(Text-to-region grounding data)

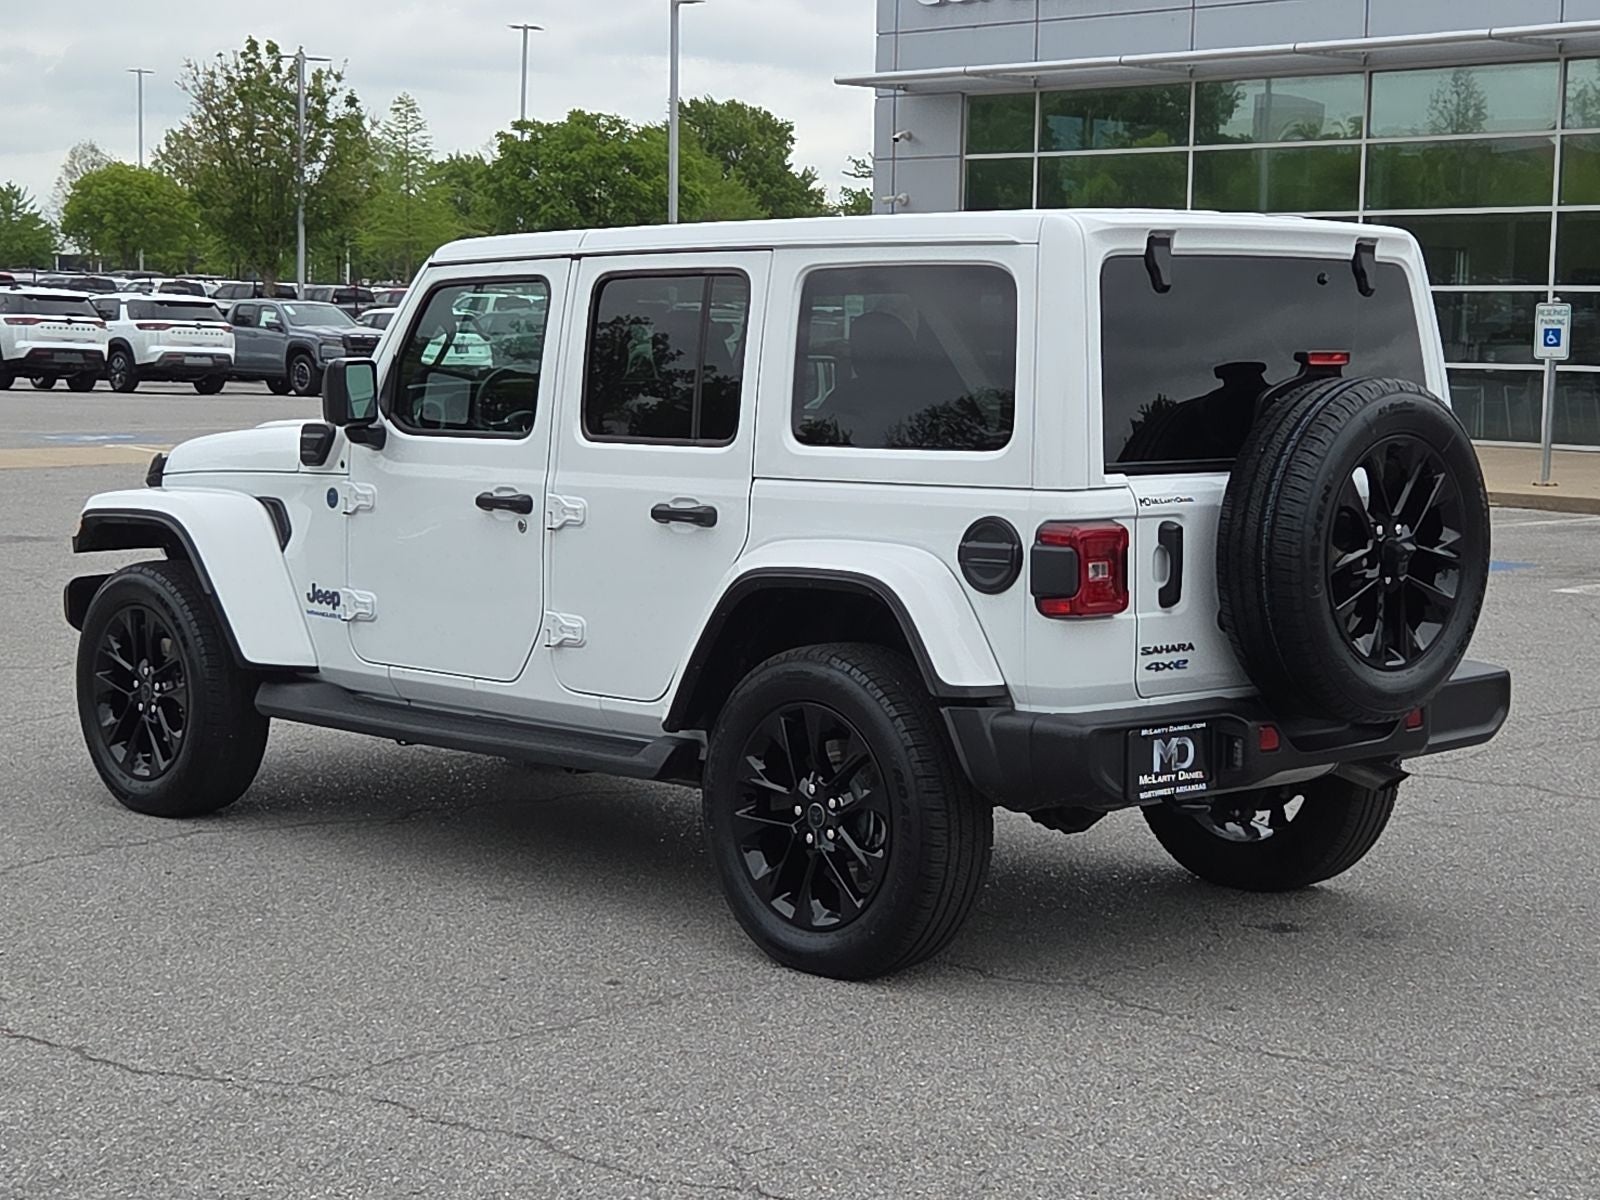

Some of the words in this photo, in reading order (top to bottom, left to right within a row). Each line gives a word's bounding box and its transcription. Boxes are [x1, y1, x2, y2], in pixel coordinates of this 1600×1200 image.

[1540, 318, 1566, 326] PARKING
[306, 582, 341, 611] Jeep
[1140, 641, 1195, 656] SAHARA
[1153, 737, 1195, 772] MD

REQUIREMENT:
Except for the pictures, print the data above exactly.

EXPECTED ANSWER:
Some of the words in this photo, in reading order (top to bottom, left to right within a row). Each line gives a word's bounding box and its transcription. Boxes are [x1, y1, x2, y2], in pixel coordinates of this 1600×1200 image.

[1540, 318, 1566, 326] PARKING
[306, 582, 341, 611] Jeep
[1140, 641, 1195, 656] SAHARA
[1153, 737, 1195, 772] MD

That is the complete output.